A Rhetorical Situation is not a “Context” …
A further important feature of the rhetorical situation is that it is not the same as context. This is, first of all, because every message occurs in a context, and not all contexts are rhetorical. Practically, this means that context is general, and the rhetorical situation is specific. A historical context is one in which any message can occur.
… because not all contexts are rhetorical.
A rhetorical situation is a situation that allows for a response, a speech that is capable of changing people’s minds and motivating their actions. The second reason the rhetorical situation is not the same as context is that only a rhetorical situation can invite a rhetorical response.
… because only a rhetorical situation can invite a rhetorical response.
Context is the history of an utterance, a series of motivations, occurrences, and acts that set a precedent for a public and cultural status quo. As a running example of the difference between context and situation, let’s consider the 2020 presidential impeachment hearings.
The greater context for these presidential impeachment hearings might include the 1987 Iran-Contra scandal and the 1998 impeachment hearing of Bill Clinton. Both are distant historical events in which speeches and arguments were made concerning Congress’s authority over the Executive branch. Consistently, attorneys for the President have claimed that Congress did not have the authority to investigate the President whereas Congress has claimed that authority.
The rhetorical situation for Presidential impeachment hearings in 2020 would instead be the circumstances and consequences surrounding a 2019 phone call between Ukrainian President Volodymyr Zelensky and Donald Trump. The speakers and speeches generated by the impeachment trials themselves would be the “rhetoric” that responded to this situation. It would be comprised of Congressional testimony, official investigative reports, political biographies, and commentary by political pundits.
Rhetorical Response/Rhetorical Audience
Not every response to a rhetorical situation is rhetorical. Non-rhetorical responses are those that do not affect the exigency. Rhetorical responses are those that do. An emergency such as war might provoke messages that people should be afraid or display courage. Those messages can’t be separated from the emergency that occasioned it. In that sense, they are “responses” to the rhetorical situation. But not every “response” has its intended effects, and not every “response” can be directly tied back to the exigence at hand.

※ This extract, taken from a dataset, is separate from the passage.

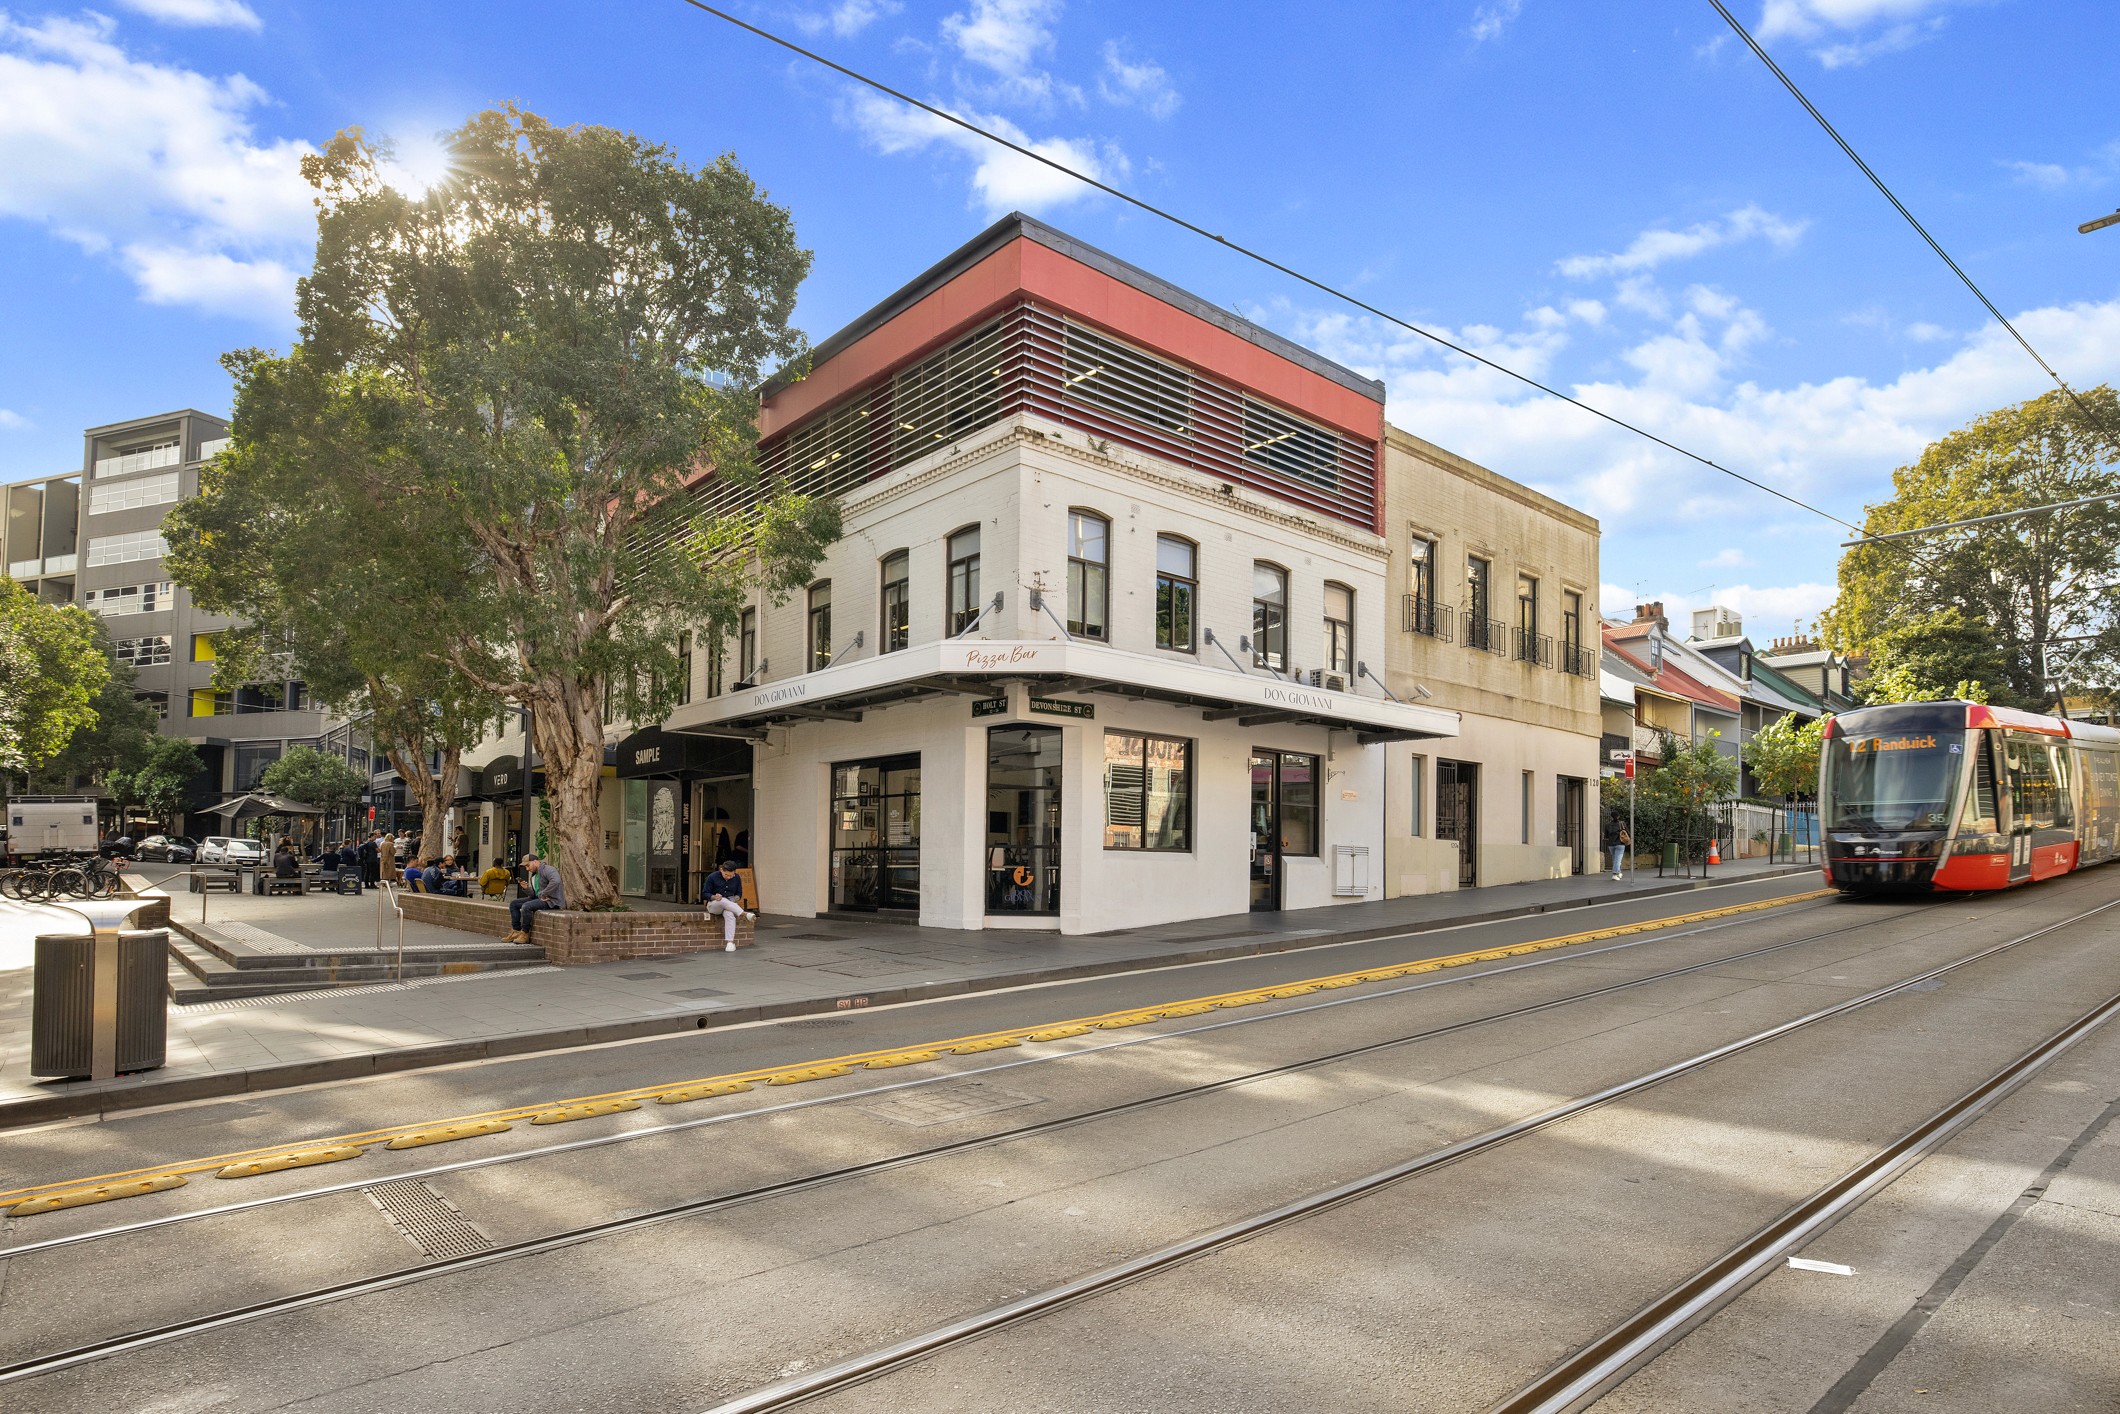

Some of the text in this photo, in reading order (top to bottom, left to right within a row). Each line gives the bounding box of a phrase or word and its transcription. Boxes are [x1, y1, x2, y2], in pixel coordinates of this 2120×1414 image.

Below is an example of the testimony offered during the 2019 impeachment hearings instigated by the Zelensky-Trump phone conversation. The speaker is Fiona Hill, a U.S. diplomatic liaison to the Ukraine who was removed from her post just days before the phone call occurred.
A response is rhetorical when it is addressed to a rhetorical audience, that is, those auditors or listeners who have the capacity to act. Not all audiences can be rhetorical audiences. In practice, this means more people will hear the rhetorical response than can address it—only people who can act count as the rhetorical audience.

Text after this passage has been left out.